Wonewoc is a small community of 816 people in Juneau county that plays an important role in the bicycling community by being the half-way point of the 400 State Trail. The community was originally settled by Yankee colonists from New England. The name Wonewoc means “howling hills”. This is the “driftless area”, untouched by the glacier. George and Lucinda Willard settled here in 1851. The railroad helped build this community, it is no longer here though.
Lets begin by exploring downtown Wonewoc, most buildings are made of red brick here. I also noticed nearly every storefront was occupied too, a good sign of a healthy economy. The town keeps the residents informed of local events and supports their business with their Facebook page, Wonewoc Main Street Merchants.
The first store on our left is Beyond Boundaries, LLC (formerly Talg’s Feed Mill, over 100 years old!). They rent canoes, kayaks and bikes. The Baraboo River flows through town a short distance from here and helped power early industry. Across the street from Beyond Boundaries is the Veterans Memorial.
The other business on this side of the block is Degner’s Corner Bar, also serving food.
We begin the 2nd block on the right side.
The side street is Washington Street, where we find the original City Hall building.
I even found a plaque recognizing all the people and organizations that helped re-vitalize downtown. Also a great mural.
We come to the other end of the street and Old Blue’s Pizzeria and the Wonewoc Bakery. I stopped in the bakery and got 6 doughnuts, only $3.60 and very good! The owners are very friendly and would love it if you stopped by. Here are their hours.

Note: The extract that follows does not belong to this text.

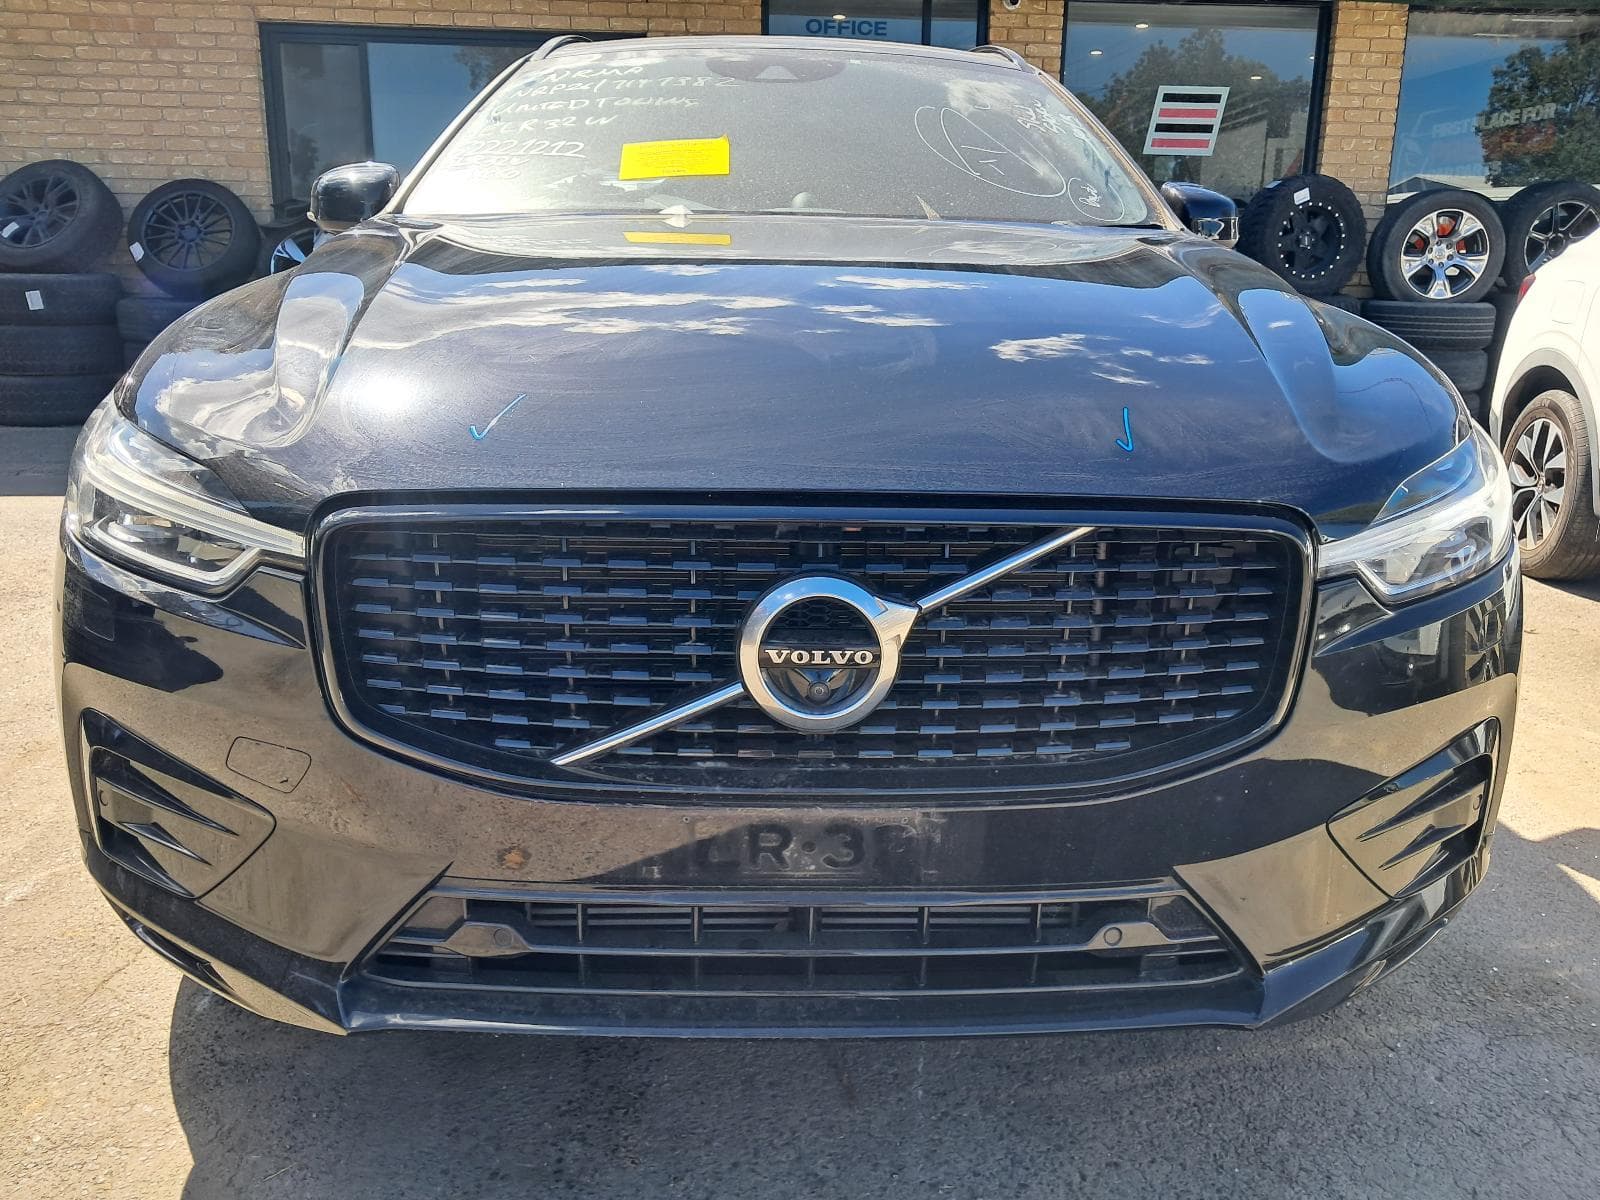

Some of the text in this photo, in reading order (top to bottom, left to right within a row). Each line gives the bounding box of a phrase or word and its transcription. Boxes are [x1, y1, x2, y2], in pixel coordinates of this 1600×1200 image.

[805, 18, 887, 36] OFFICE
[1521, 102, 1556, 122] FOR
[765, 649, 874, 665] VOLVO

On the other side from here are:
Blossoms and Bouquets FTD Florist, Britnics Café, The Mayer’s Off Ice, Center Street Coffee and Treats, The Silent Rooster, the Post office, and Bernie’s Wagon Wheel II.
As you see, a great many stores and restaurants.
Wonewoc was also home to noted Dode Fisk, gravestone monument located in Pine Eden Cemetery at the edge of town. He owned a circus and traveled the country.
Now for the 400 trail. Just behind downtown is the trail, with a depot, restrooms and signage listing the downtown businesses. Hungry bikers will have plenty of options for refreshment at this convenient midpoint.
Our final destination here is the Canoe Landing. This used to be where the mills were located, powered by the Baraboo River. It is now called “The Lost District”, where Wonewoc Began.
That summarizes our visit to Wonewoc. We look forward to our return, perhaps at one of their many festivals.